Low-affinity for CD3
Teneo's approach, which also attracted deals from Amgen, Johnson & Johnson and AstraZeneca, has previously been said to centre on the use of heavy chains alone for antibodies' antigen-binding regions.
However, at ASH a separate feature of etentamig was played up, namely the use of a low-affinity CD3 binder for T-cell engagement. Presenting the Kilimanjaro data, Mont Sinai's Dr Cesar Rodriguez said this resulted in transient T-cell engagement rather that having the MAb "staying stuck" to CD3, the hope being to avoid cytokine release and T-cell exhaustion.
To an extent the ASH data appeared to bear this out, with around a third of patients suffering CRS, most of which was low-grade. On a cross-trial basis this seems favourable versus the 58-72% CRS incidence seen with approved T-cell engagers (J&J's Tecvayli and Pfizer's Elrexfio), and rates of up to 89% with Car-T therapies.
Importantly, despite lower CRS – and much lower cross-trial rates of neurotoxicity – with etentamig, the AbbVie molecule showed respectable efficacy. 40mg and 60mg every four weeks resulted in response rates of 83% among 41 patients, and a 41% rate of complete response or better.

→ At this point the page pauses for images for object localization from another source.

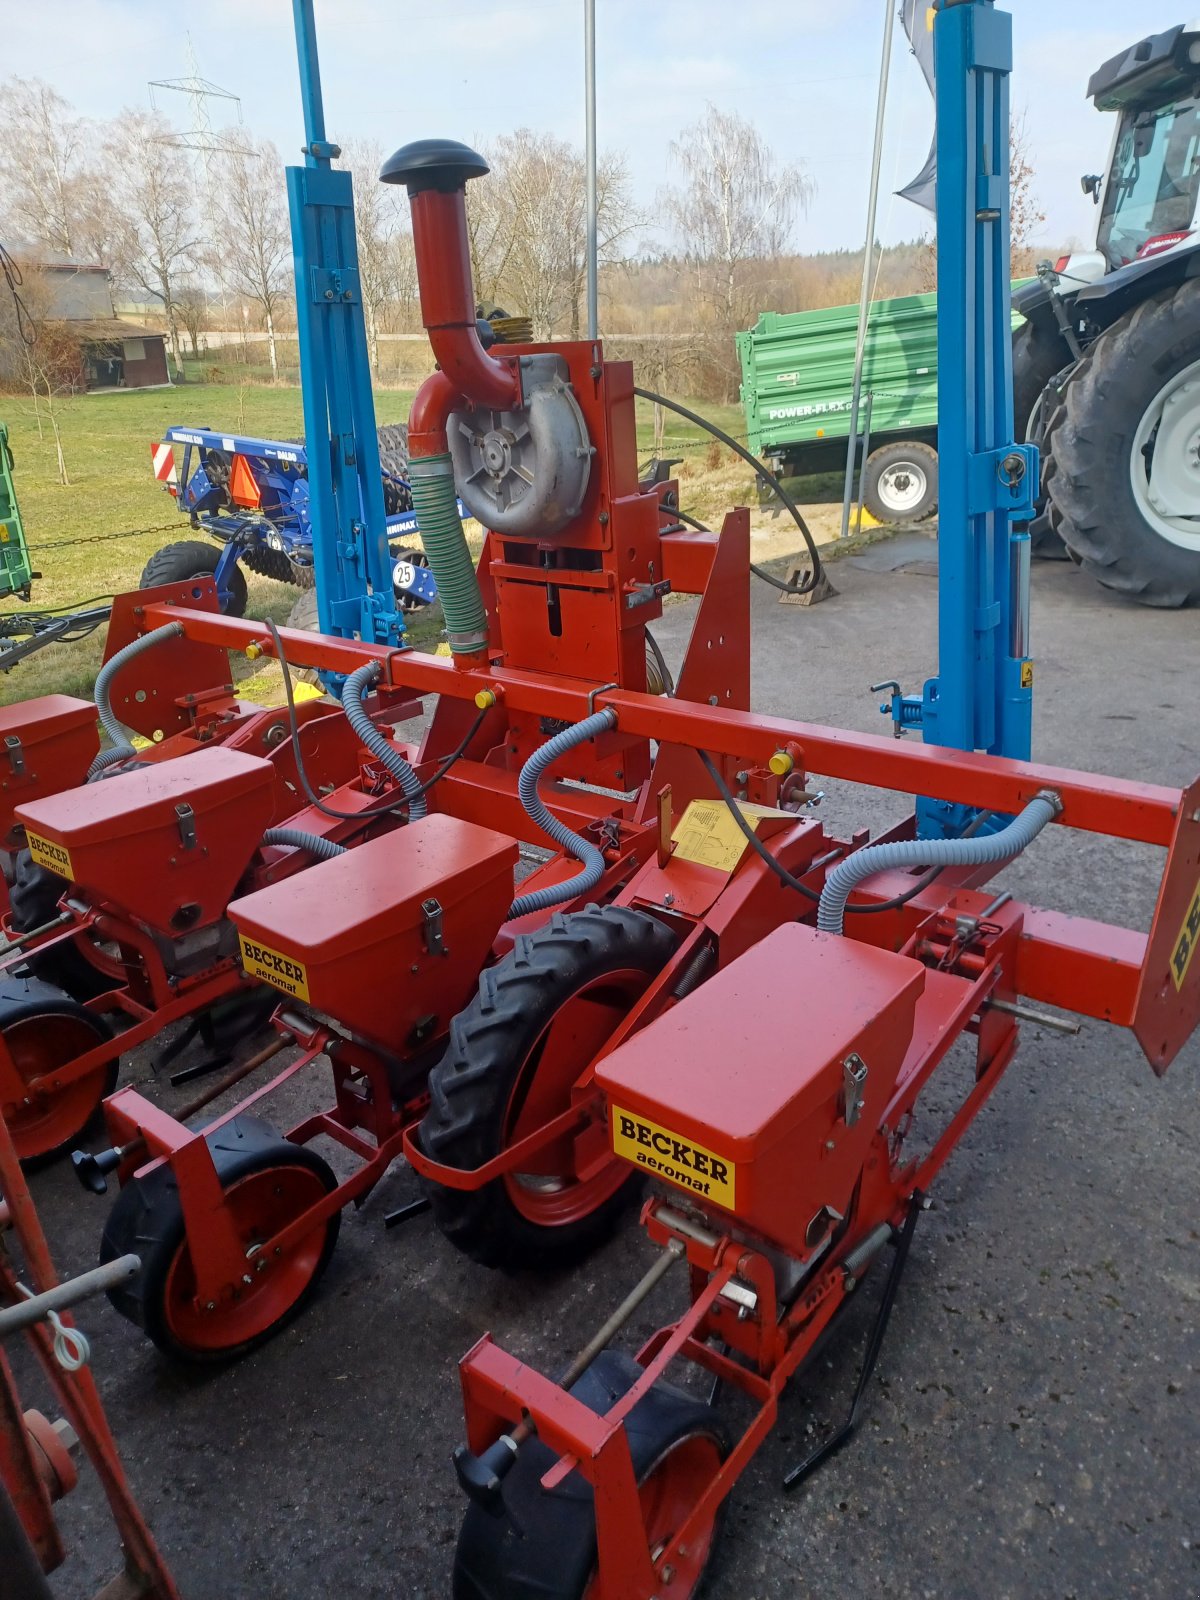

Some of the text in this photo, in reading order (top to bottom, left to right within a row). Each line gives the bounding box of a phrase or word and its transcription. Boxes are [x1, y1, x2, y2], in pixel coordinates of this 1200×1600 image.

[397, 566, 411, 584] 25
[29, 835, 70, 866] BECKER
[39, 857, 66, 876] aeromat
[243, 940, 305, 984] BECKER
[255, 968, 297, 994] aeromat
[619, 1115, 728, 1185] BECKER
[636, 1151, 711, 1195] aeromat

Two other Kilimanjaro cohorts test etentamig combined with Pomalyst plus dexamethasone, and Revlimid plus dexamethasone, but weren't the subject of the ASH presentation. A 20mg dose was also tested, but was said by Rodriguez to be "clearly suboptimal".
While the efficacy looks impressive, one caveat is that these are combo data. However, 70% of the patients had already been exposed to an anti-CD38 MAb, and 56% were refractory to it. And adding Darzalex and dexamethasone didn't seem to add toxicity, including infections, to that seen with etentamig monotherapy, Rodriguez told ASH.
Competitive
The competitive nature of the BCMA space has been illustrated by Bristol Myers Squibb's surprise discontinuation of the T-cell engager alnuctamab in July, shortly after starting a phase 3 study. Meanwhile, Regeneron's US filing for linvoseltamab was hit with a complete response letter in August.

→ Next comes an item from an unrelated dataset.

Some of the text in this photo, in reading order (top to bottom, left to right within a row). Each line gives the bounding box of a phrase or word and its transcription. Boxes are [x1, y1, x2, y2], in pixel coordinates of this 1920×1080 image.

AbbVie will have to contend with all this, as well as with the fact that BCMA therapies are moving into earlier lines of treatment; Carvykti, for instance, is already approved in the second-line setting, and J&J appears to be targeting the front-line with Tecvayli.

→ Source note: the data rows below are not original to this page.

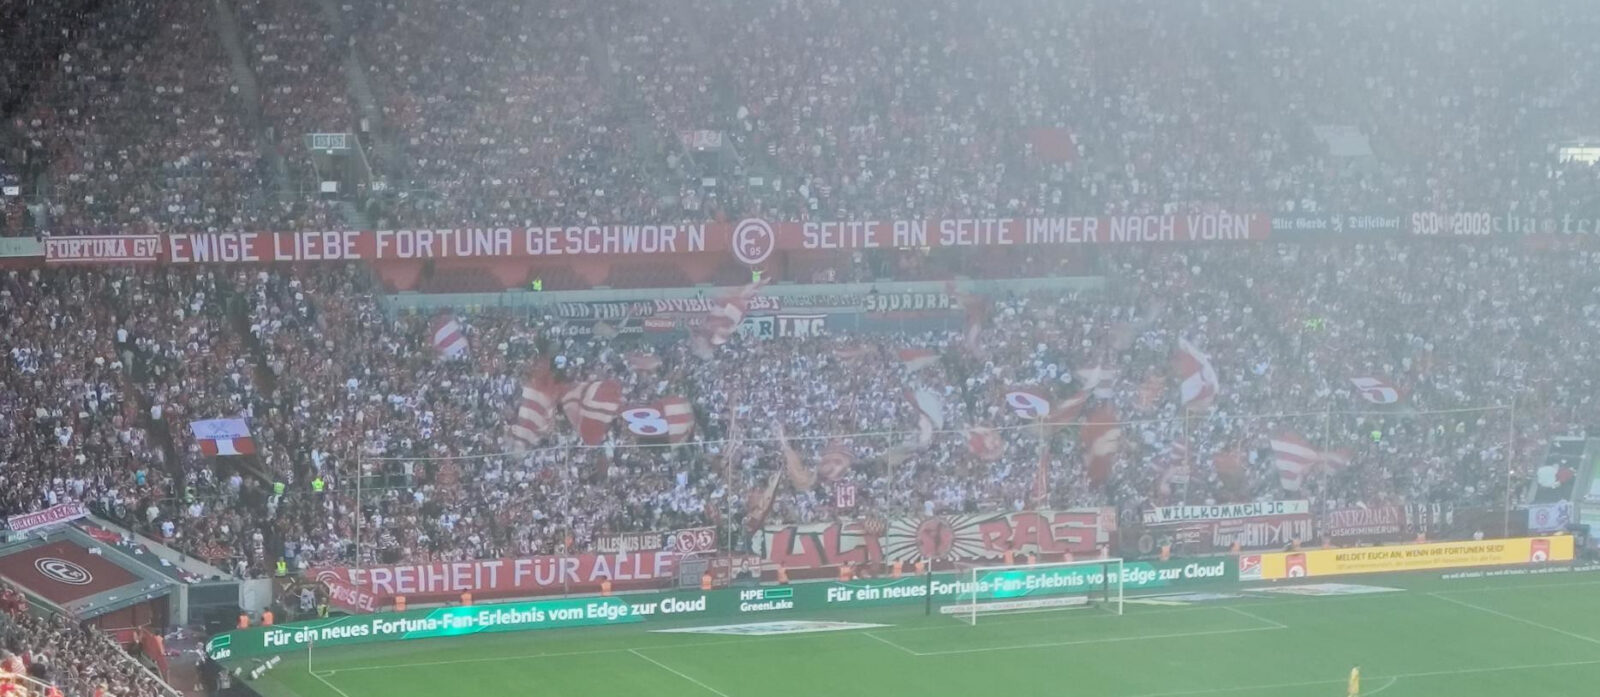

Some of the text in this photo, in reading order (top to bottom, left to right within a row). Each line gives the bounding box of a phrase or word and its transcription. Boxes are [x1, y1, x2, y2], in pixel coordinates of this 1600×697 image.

[803, 213, 1257, 249] SEITE AN SEITE IMMER NACH VORN'
[1412, 212, 1490, 235] SCD 2003
[46, 238, 126, 259] FORTUNA
[171, 225, 705, 263] EWIGE LIEBE FORTUNA GESCHWOR'N
[867, 293, 949, 311] SQUADRA
[1005, 392, 1049, 420] 9
[622, 408, 668, 435] 8
[1161, 503, 1262, 519] WILLKOMMEN
[597, 537, 621, 553] ALLES
[623, 536, 639, 552] AUS
[640, 534, 661, 551] LIEBE
[1335, 552, 1365, 562] MELDET
[1367, 551, 1389, 561] EUCH
[1406, 549, 1429, 558] WENN
[1444, 545, 1485, 556] FORTUNEN
[348, 560, 503, 596] FREIHEIT
[515, 555, 580, 587] FÜR
[588, 551, 674, 582] ALLE
[828, 586, 854, 601] Für
[857, 583, 880, 599] ein
[883, 582, 927, 597] neues
[931, 571, 1083, 596] Fortuna-Fan-Erlebnis
[1087, 572, 1118, 584] vom
[1121, 567, 1156, 585] Edge
[1159, 565, 1182, 580] zur
[1184, 561, 1225, 578] Cloud
[740, 590, 794, 612] HPE GreenLake
[263, 595, 706, 647] Für ein neues Fortuna-Fan-Erlebnis vom Edge zur Cloud
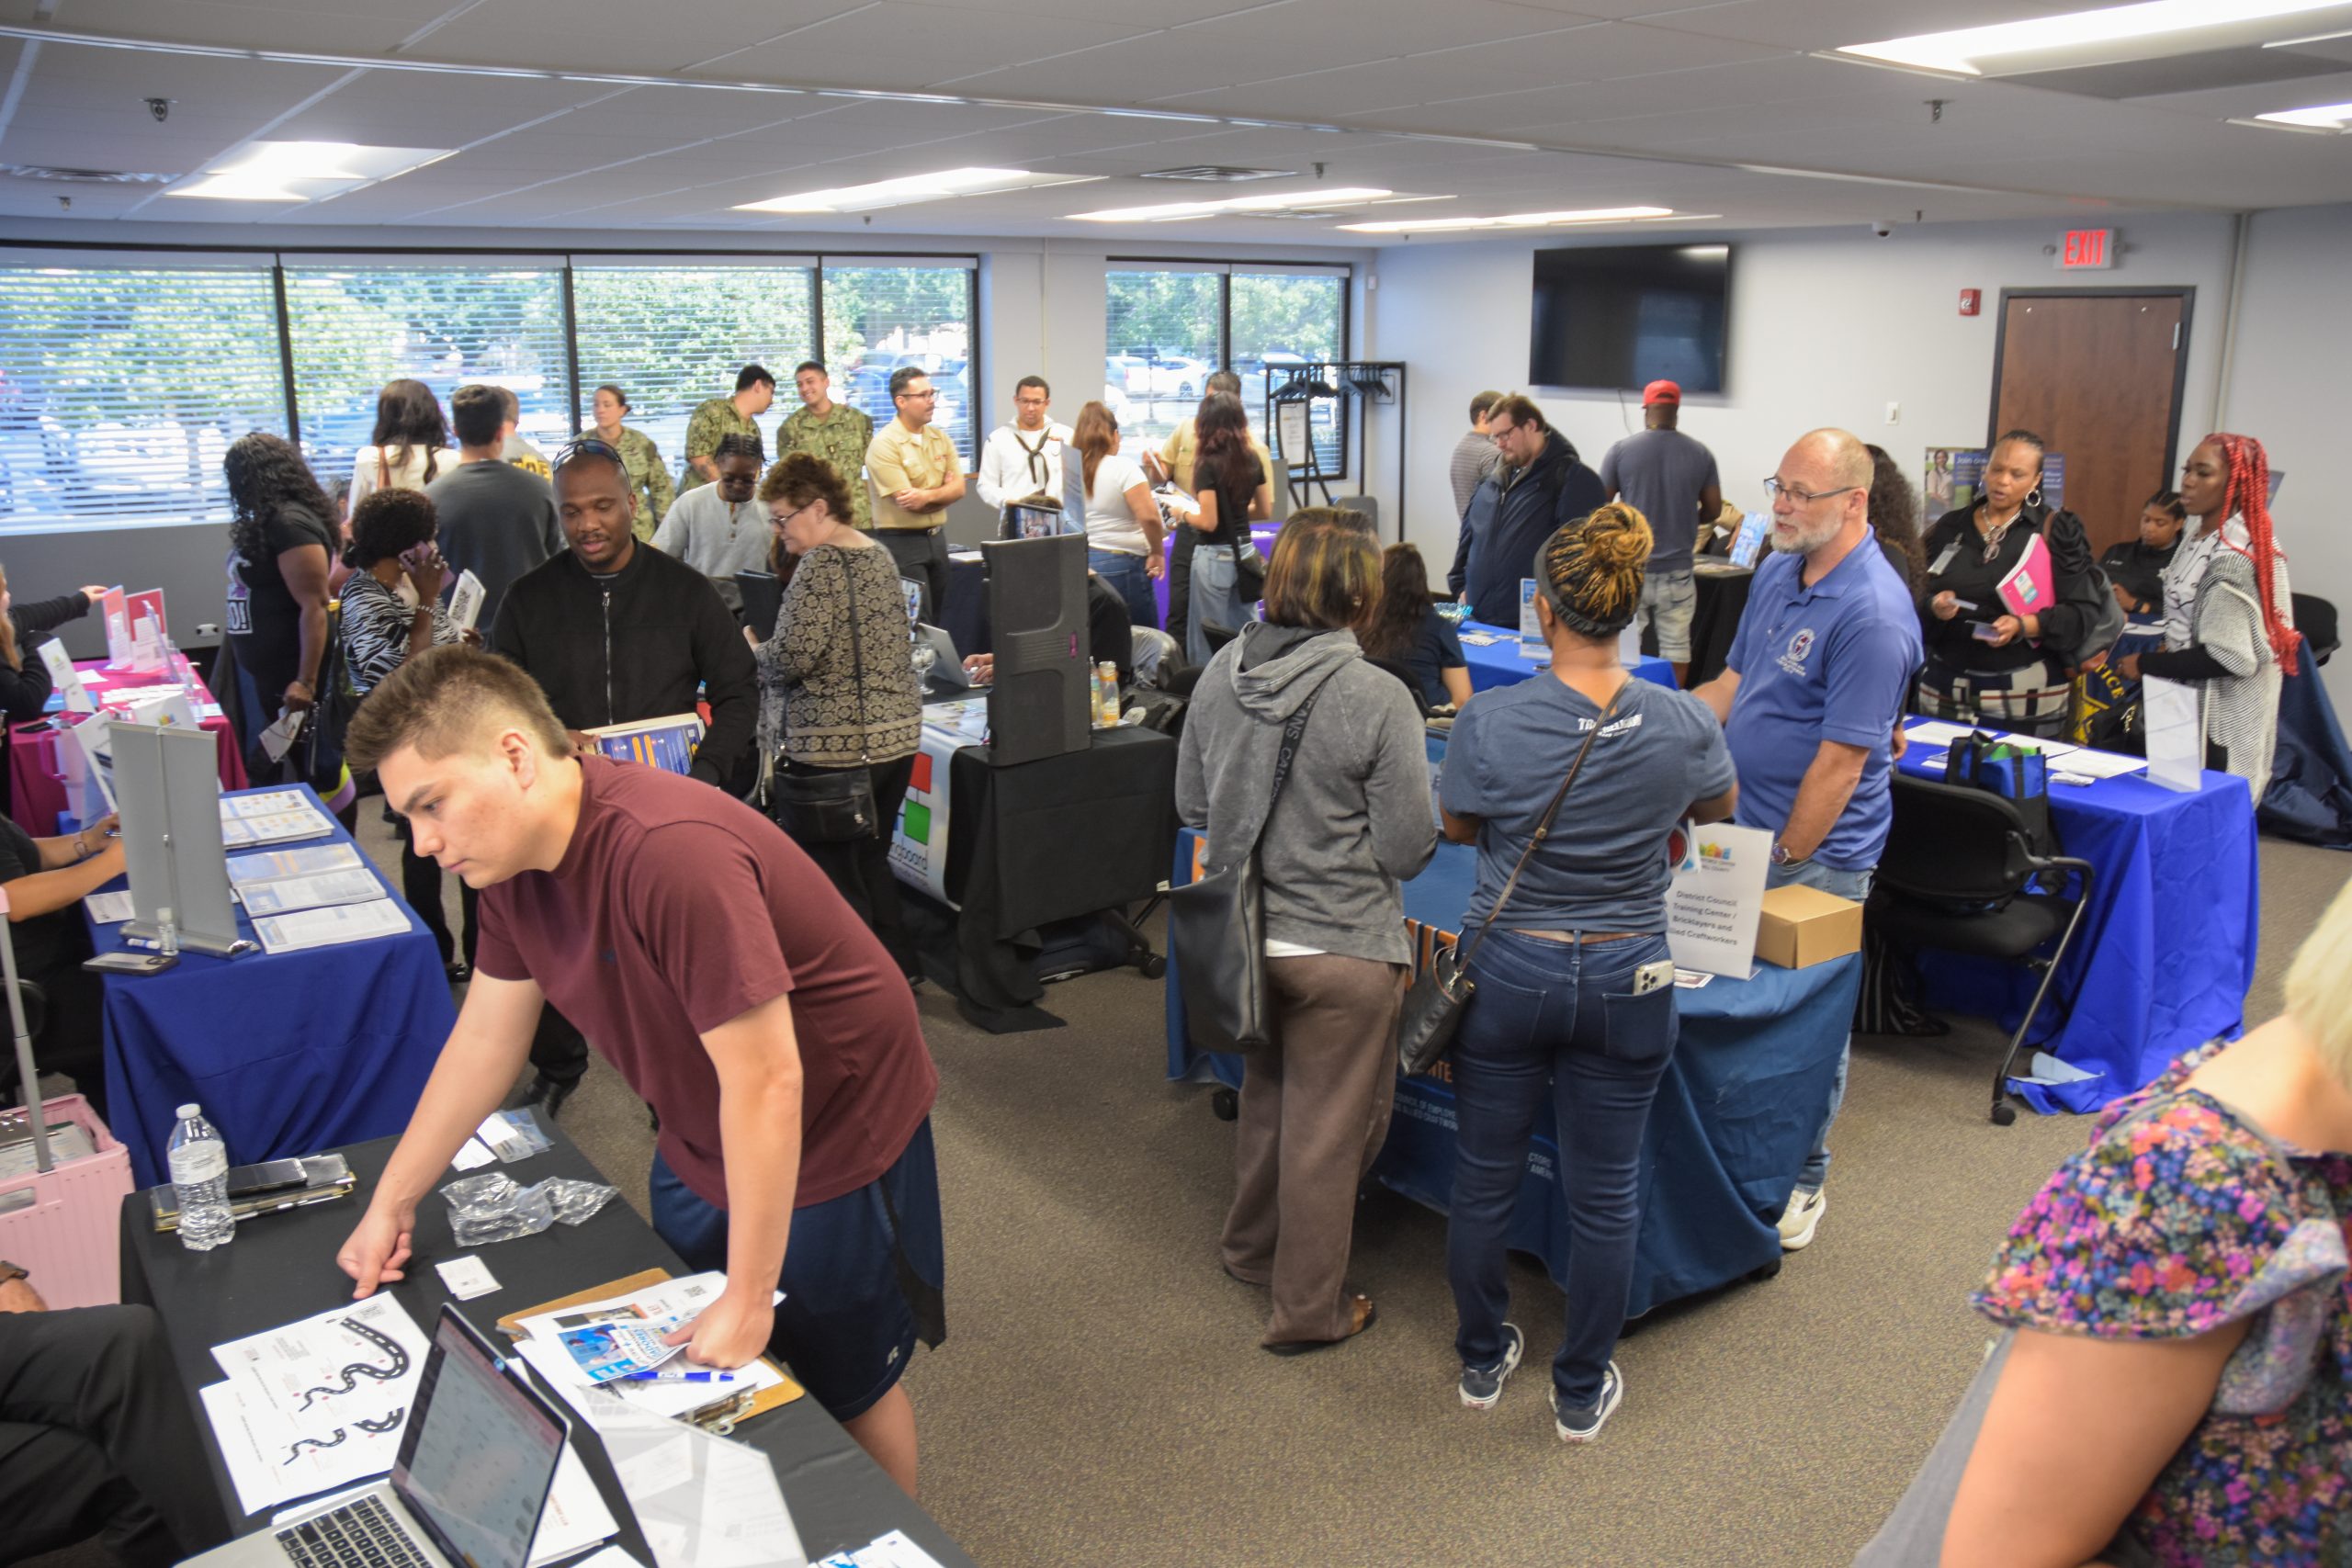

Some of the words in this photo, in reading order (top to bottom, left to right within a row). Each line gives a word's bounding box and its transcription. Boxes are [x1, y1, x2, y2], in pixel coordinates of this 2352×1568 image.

[2064, 230, 2107, 265] EXIT
[1677, 890, 1705, 901] District
[1706, 896, 1738, 907] Council
[1673, 903, 1704, 915] Training
[1704, 908, 1732, 919] Center
[1672, 915, 1716, 929] Bricklayers
[1717, 923, 1734, 931] and
[1687, 931, 1738, 945] Craftworkers

This Tecvayli use also featured at ASH on Sunday, with a first look at the phase 2 Majestec-5 study showing complete response rates of 53-100% across three cohorts of transplant-eligible patients. However, this was an uncontrolled trial in just 49 patients, involving combination with Darzalex and Revlimid (with or without Velcade).
Also fighting for attention at ASH on Sunday was EpiMab's anti-BCMA T-cell engager EMB-06, a project notable for having been licensed for $60m to Vignette Bio, a private US biotech that was in September merged with another private entity, Candid Therapeutics. At Candid that asset now goes under the code CND106.
The ASH data showed a 92% ORR in 12 relapsed multiple myeloma patients given high doses, which also caused a 62% rate of low-grade CRS, but no ICANS. However, there was a 38% rate of severe infections across 40 patients given all doses, and one patient died of cardiac failure, though that was deemed unrelated to EMB-06.
EpiMab and Candid's next steps for the project haven't been spelled out.
Anti-BCMA T-cell engagers in relapsed/refractory multiple myeloma
Project | Study | ORR | CR+ rate | CRS | ICANS |
---|---|---|---|---|---|
Tecvayli (J&J) | Majestec-1 | 62% | 28% | 72% (mostly gr1-2) | 6% |
Elrexfio (Pfizer) | Magnetismm-3 | 58% | 26% | 58% (mostly gr1-2) | 3% |
Etentamig (AbbVie) | NCT03933735 (monotherapy)* | 69% | 20% | 40% (mostly gr1-2) | Not given** |
Kilimanjaro (Darzalex + dex combo)^ | 83% | 41% | 33% (4% at gr3-4) | 4% (2% at gr3-4) | |
EMB-06/ CND106 (EpiMab/ Candid) | NCT04735575^^ | 92% | 33% | 62% (all gr1-2) | 0% |
Notes: 2mg/60mg step-up dose only; **5% in earlier dataset with standard dosing, presented at EHA 2024; ^40mg & 60mg q4W only; ^^120-300mg only. This table has been corrected and updated. Source: ASH 2024 & OncologyPipeline.